-- AVAILABLE DATA follows --
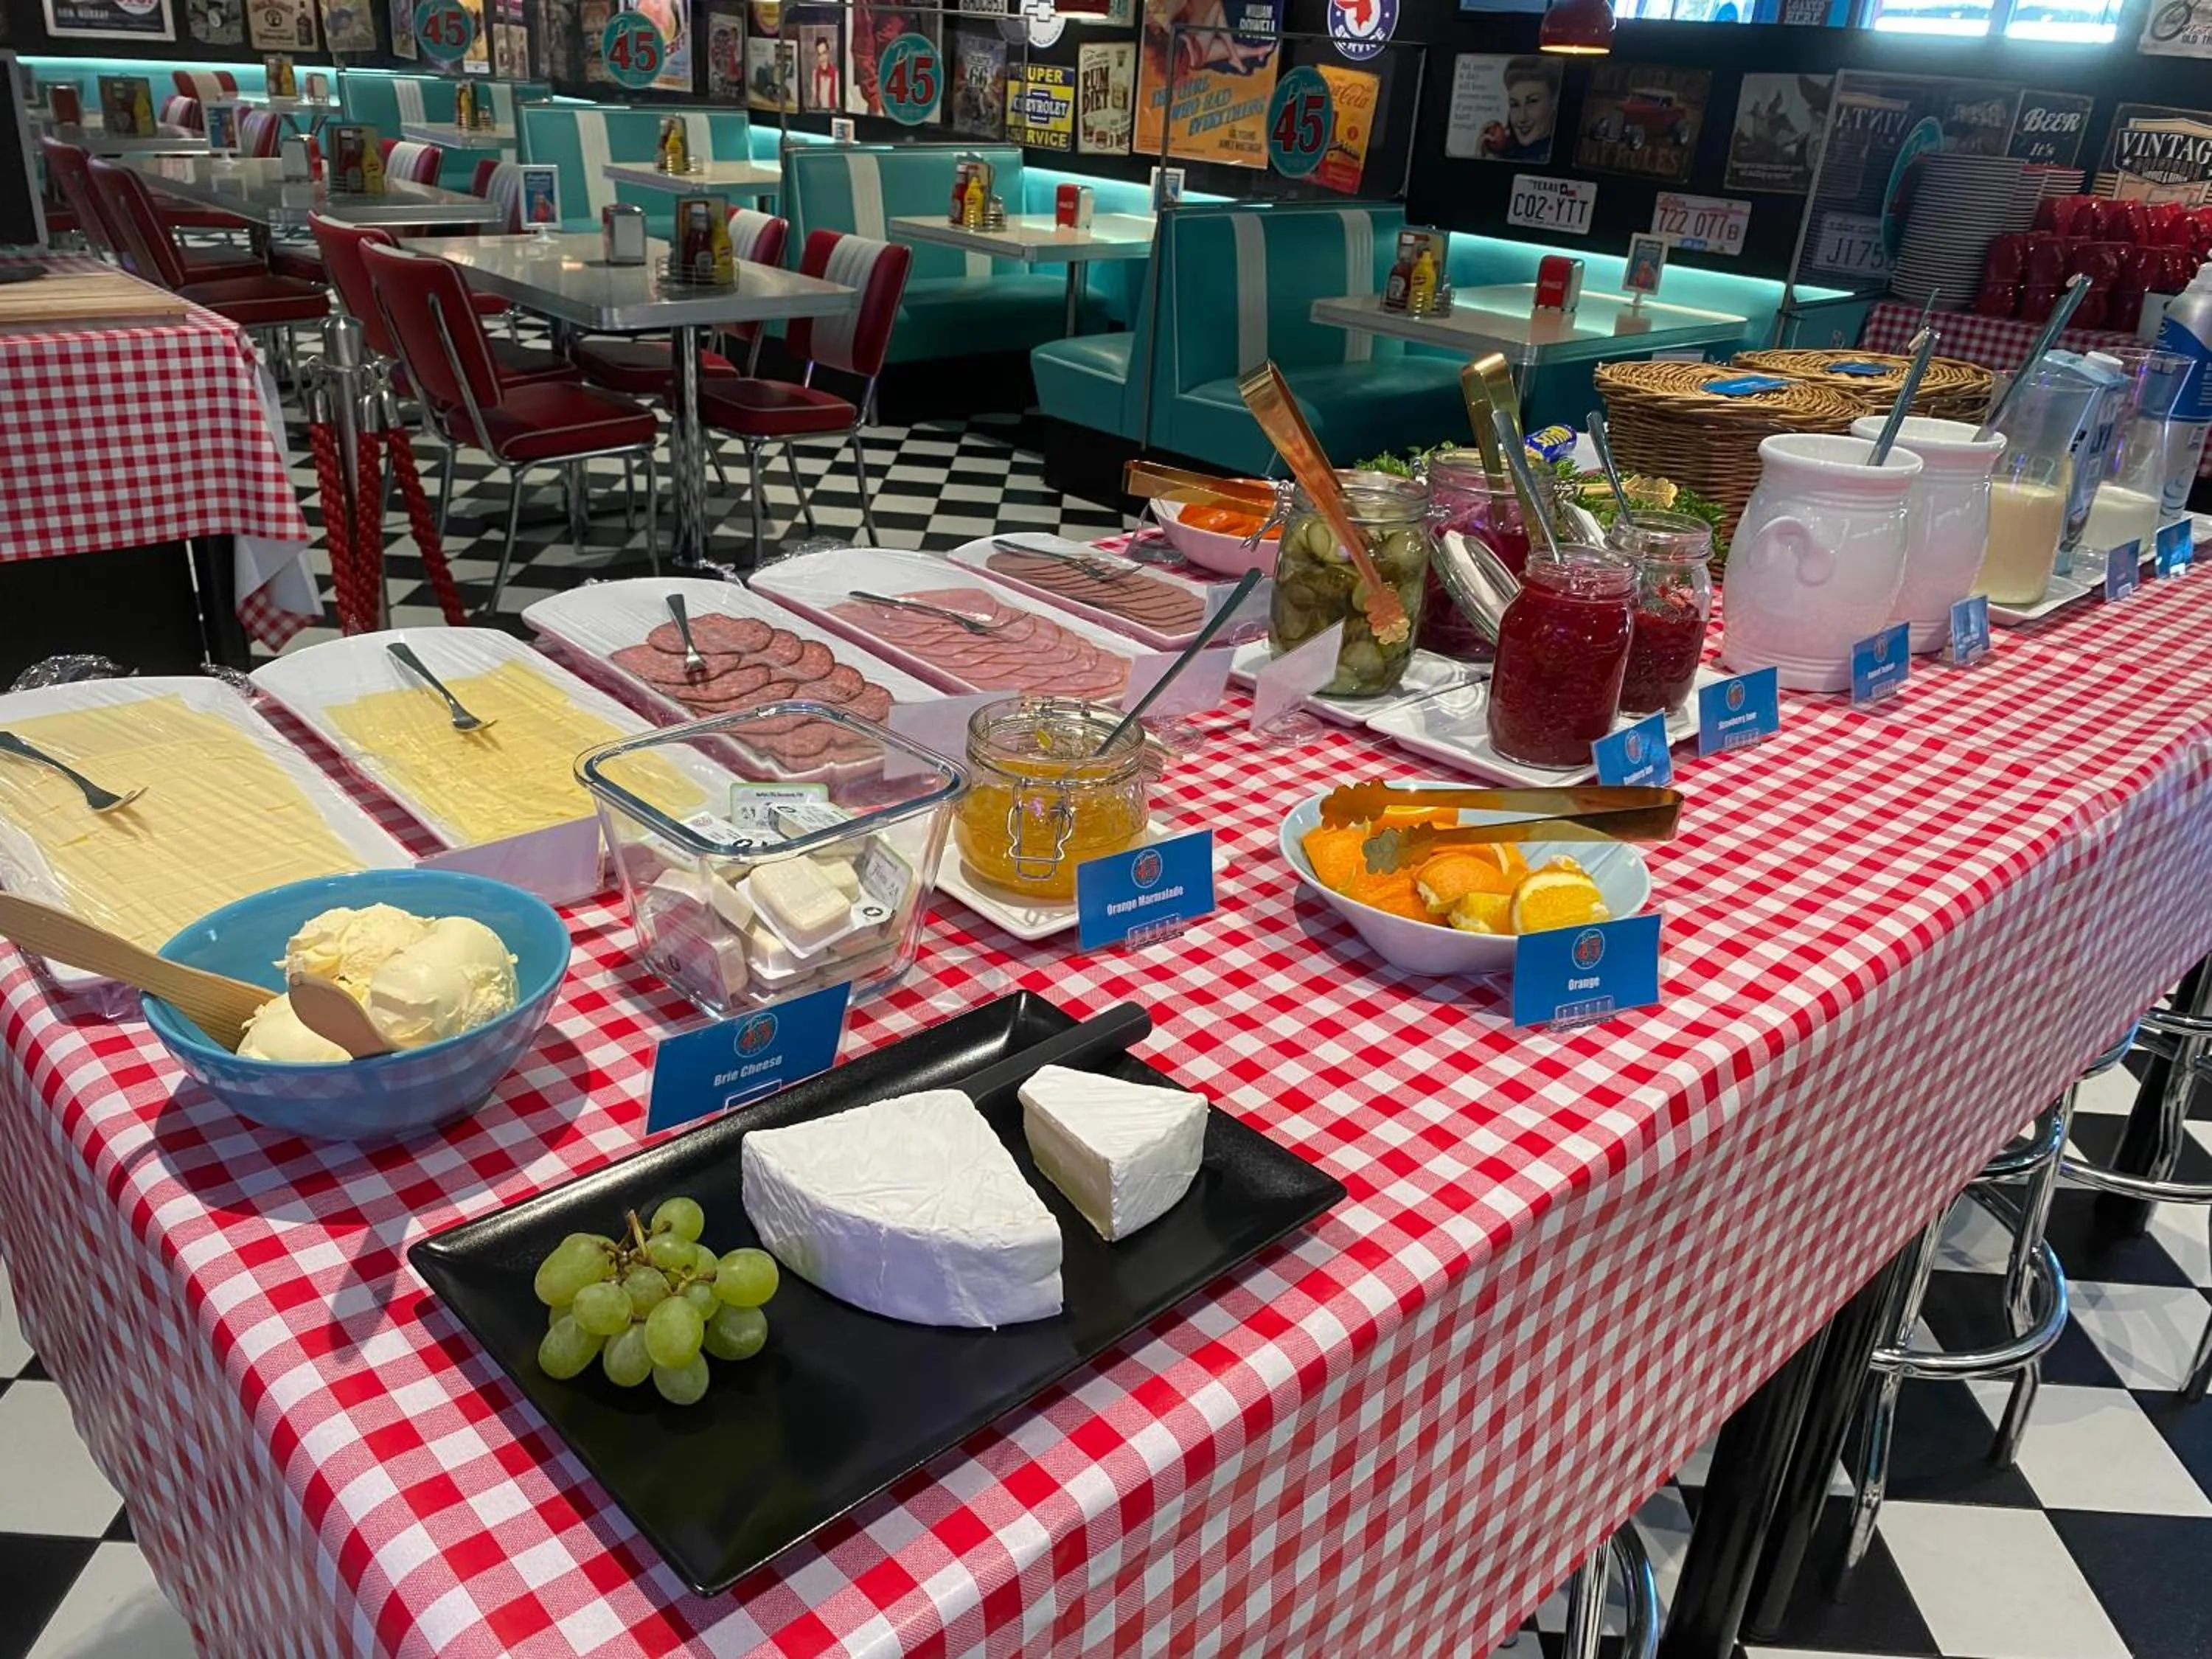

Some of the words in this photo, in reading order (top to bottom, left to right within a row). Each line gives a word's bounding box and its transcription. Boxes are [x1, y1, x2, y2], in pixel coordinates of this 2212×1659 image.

[423, 11, 466, 46] 45
[608, 32, 658, 72] 45
[886, 56, 934, 104] 45
[1015, 64, 1063, 85] UPER
[1272, 95, 1326, 153] 45
[1532, 181, 1558, 192] TEXAS
[1658, 207, 1688, 234] 722
[1107, 897, 1138, 917] Orange
[1138, 885, 1184, 908] Marmalade
[1568, 975, 1601, 992] Orange
[714, 1070, 739, 1087] Brie
[740, 1055, 782, 1077] Cheese
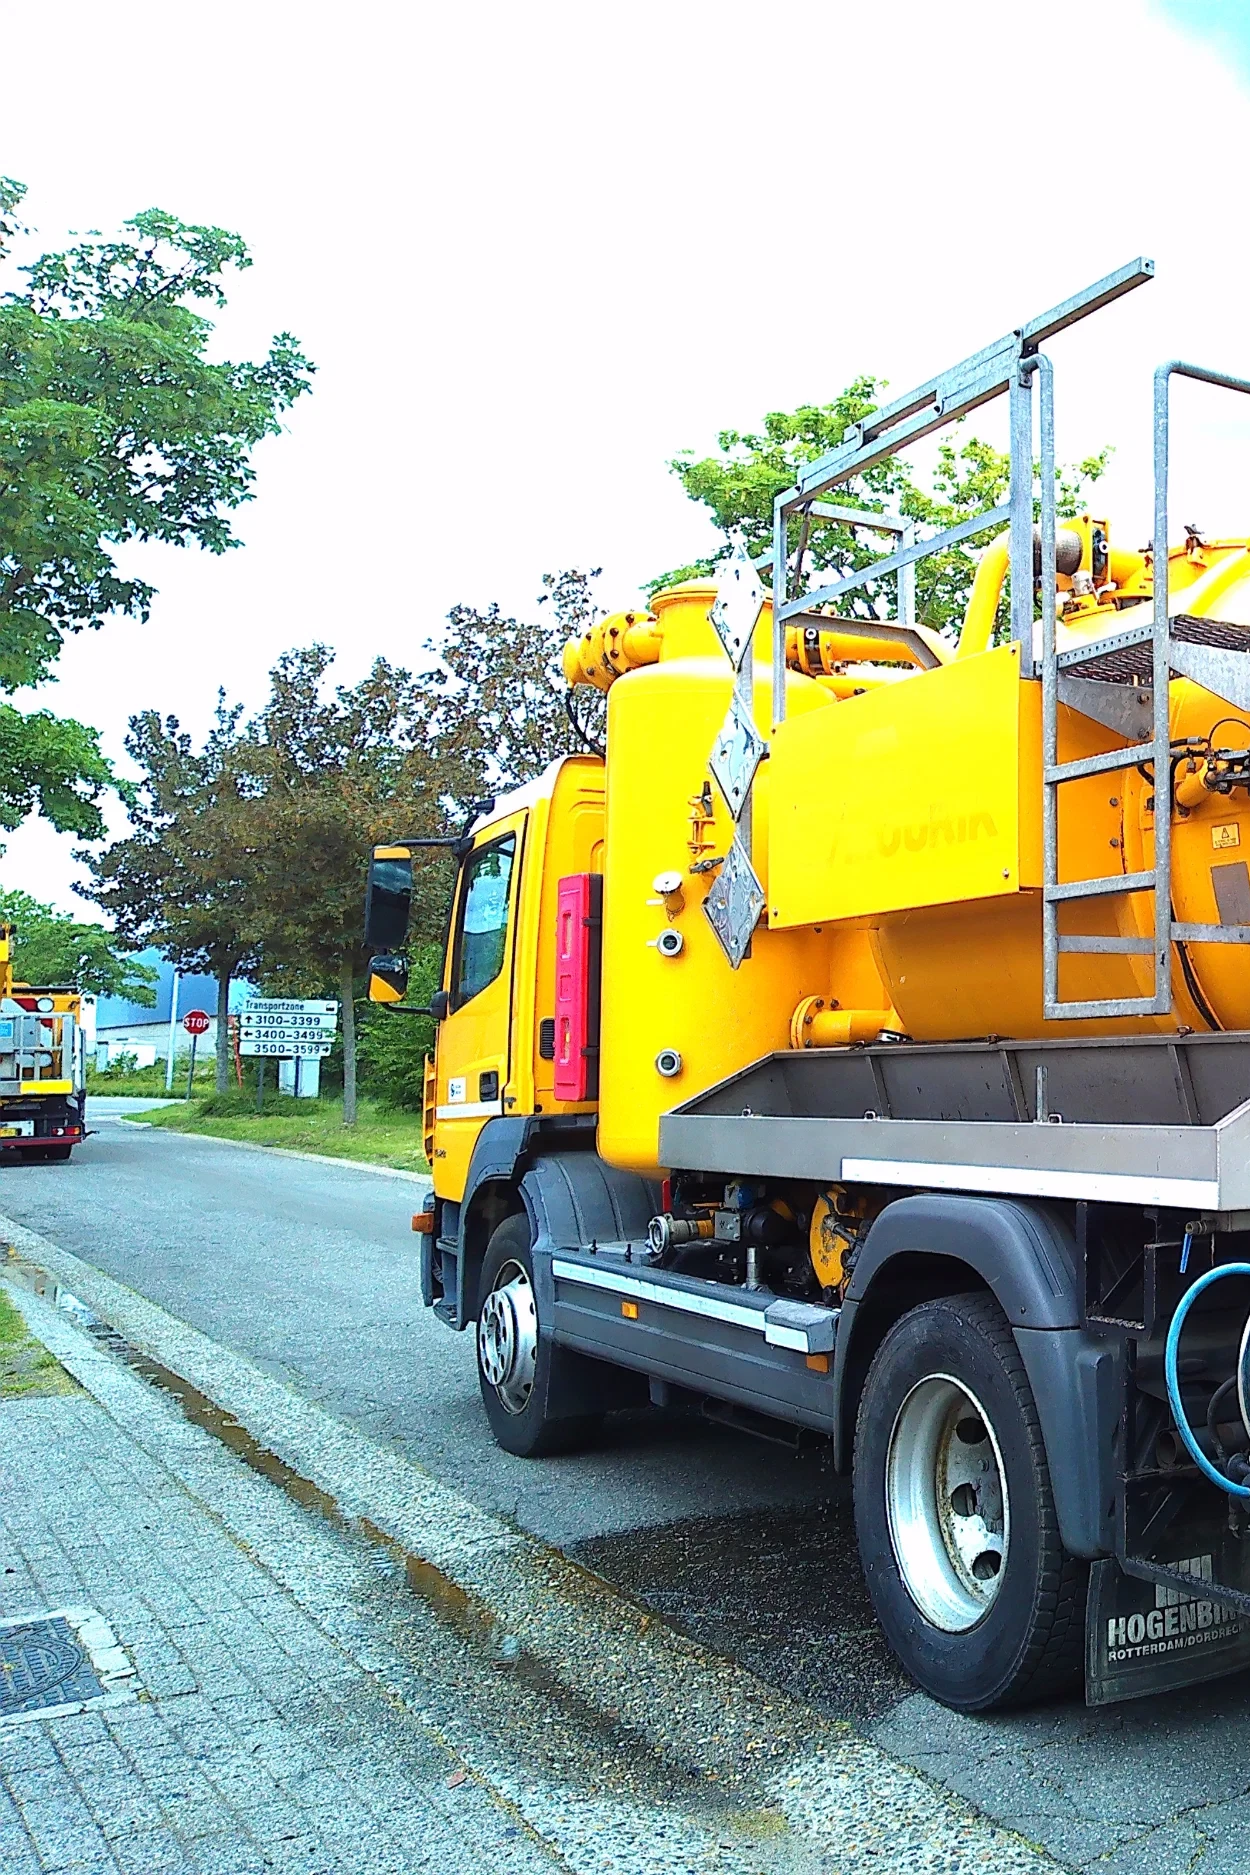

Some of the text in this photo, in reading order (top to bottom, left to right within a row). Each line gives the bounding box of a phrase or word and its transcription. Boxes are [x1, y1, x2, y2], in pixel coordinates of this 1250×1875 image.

[245, 999, 305, 1012] Transportzone
[183, 1018, 210, 1029] STOP
[255, 1015, 321, 1026] 3100-3399
[254, 1029, 323, 1040] 3400-3499
[254, 1043, 320, 1054] 3500-3599
[1107, 1600, 1240, 1647] HOGENBI
[1107, 1623, 1247, 1662] ROTTERDAM/DORDREC
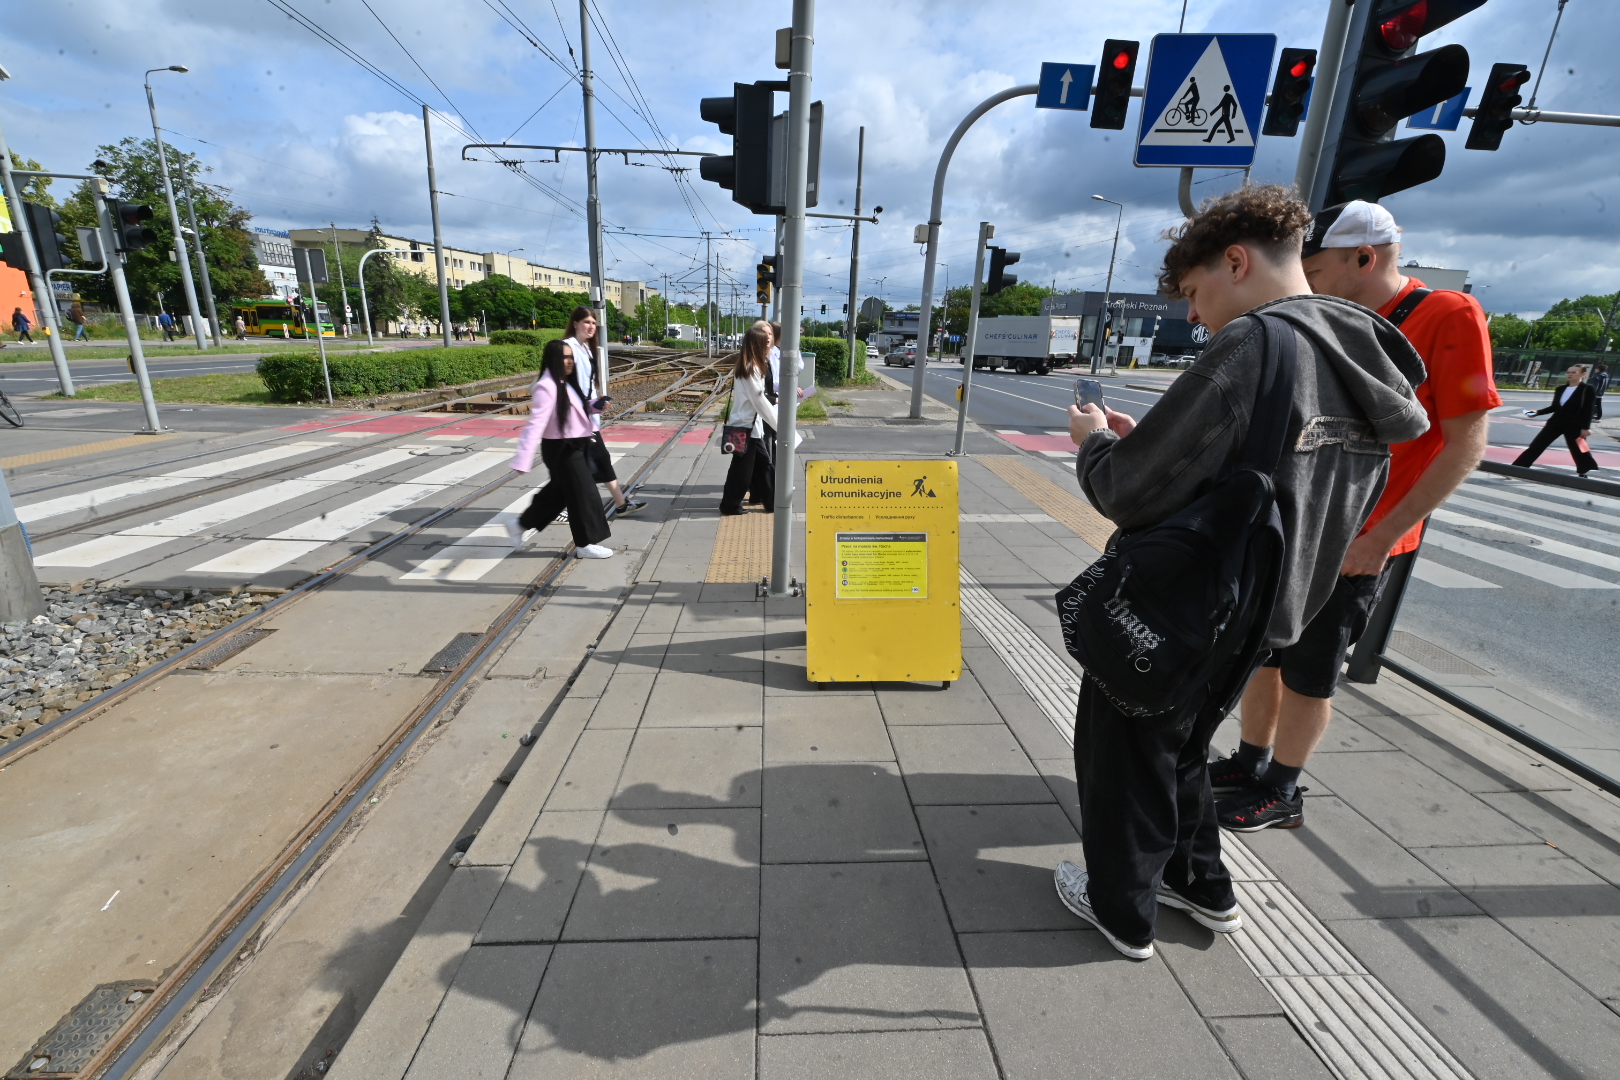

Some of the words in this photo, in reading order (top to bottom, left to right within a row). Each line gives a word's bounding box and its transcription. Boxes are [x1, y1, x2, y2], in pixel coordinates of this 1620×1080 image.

[1139, 302, 1168, 311] Poznań
[1193, 326, 1209, 341] MG
[820, 475, 883, 485] Utrudnienia
[820, 489, 902, 500] komunikacyjne
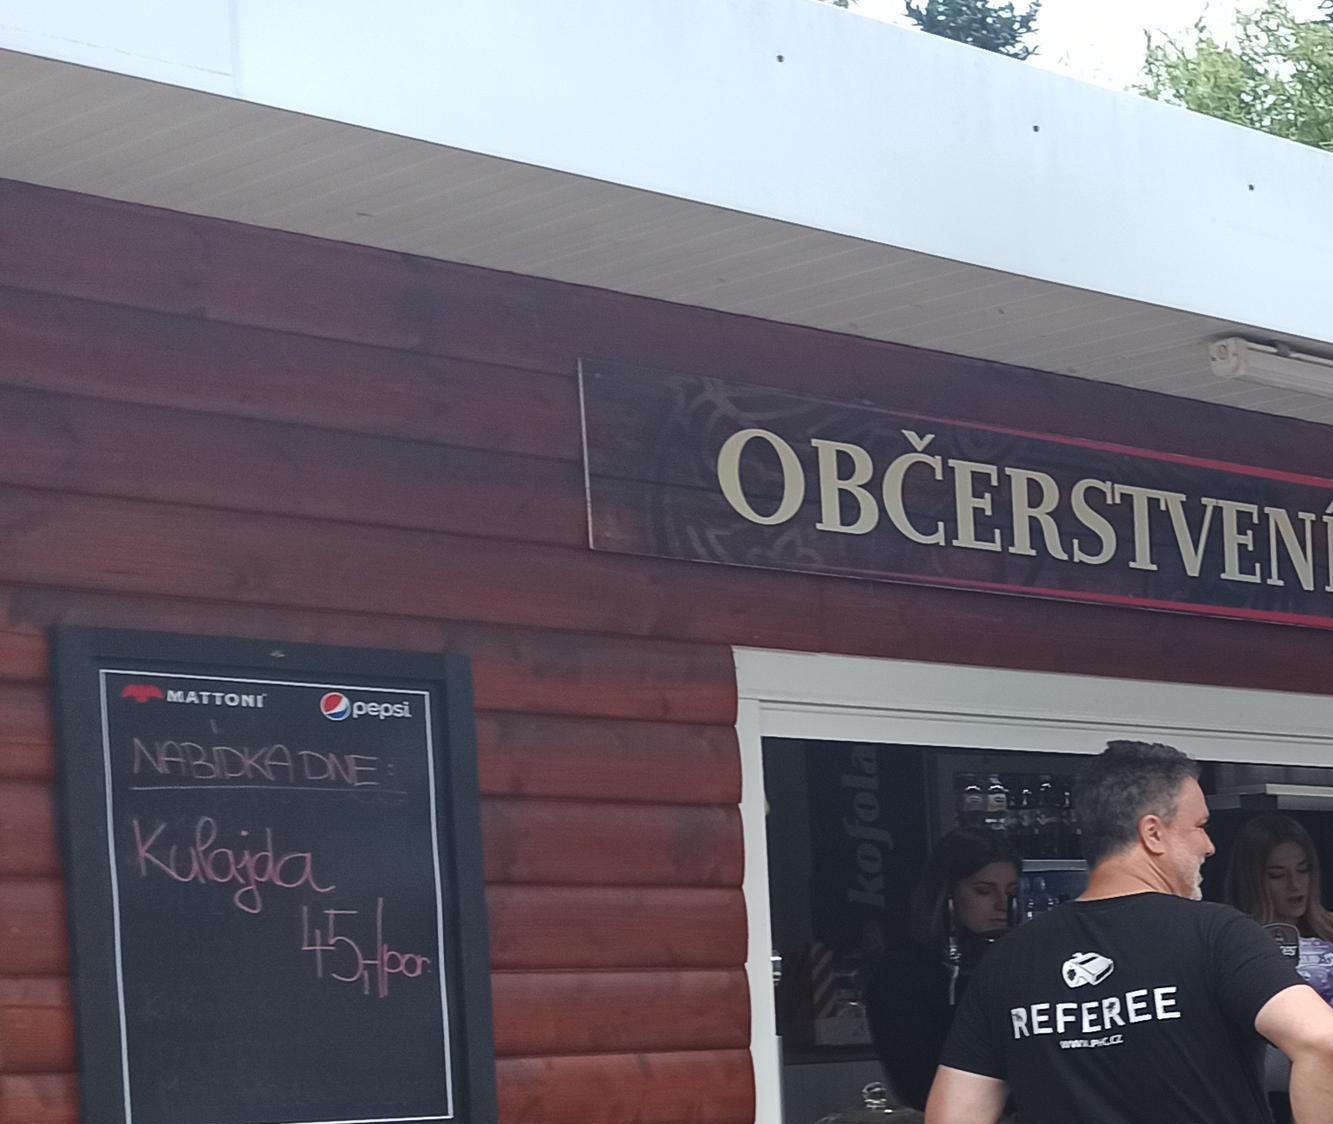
-- AVAILABLE DATA concluded --
THE PROBLEM:
Copy the material exactly as written and leave every picture behind.

EXERCISE RESPONSE:
Some of the words in this photo, in reading order (top to bottom, left to right within a row). Each line gives a word's bounding box and its transcription. Boxes are [x1, y1, x2, y2], in pixel coordinates of this 2212×1659 image.

[423, 11, 466, 46] 45
[608, 32, 658, 72] 45
[886, 56, 934, 104] 45
[1015, 64, 1063, 85] UPER
[1272, 95, 1326, 153] 45
[1532, 181, 1558, 192] TEXAS
[1658, 207, 1688, 234] 722
[1107, 897, 1138, 917] Orange
[1138, 885, 1184, 908] Marmalade
[1568, 975, 1601, 992] Orange
[714, 1070, 739, 1087] Brie
[740, 1055, 782, 1077] Cheese

Some of the text in this photo, in reading order (top to bottom, left to right within a row). Each line gives the bounding box of a phrase or word and its transcription. Boxes are [x1, y1, x2, y2], in pixel coordinates of this 1250×1875 image.

[245, 999, 305, 1012] Transportzone
[183, 1018, 210, 1029] STOP
[255, 1015, 321, 1026] 3100-3399
[254, 1029, 323, 1040] 3400-3499
[254, 1043, 320, 1054] 3500-3599
[1107, 1600, 1240, 1647] HOGENBI
[1107, 1623, 1247, 1662] ROTTERDAM/DORDREC

Some of the words in this photo, in reading order (top to bottom, left to right within a row). Each line gives a word's bounding box and its transcription. Boxes are [x1, y1, x2, y2], in pixel coordinates of this 1620×1080 image.

[1139, 302, 1168, 311] Poznań
[1193, 326, 1209, 341] MG
[820, 475, 883, 485] Utrudnienia
[820, 489, 902, 500] komunikacyjne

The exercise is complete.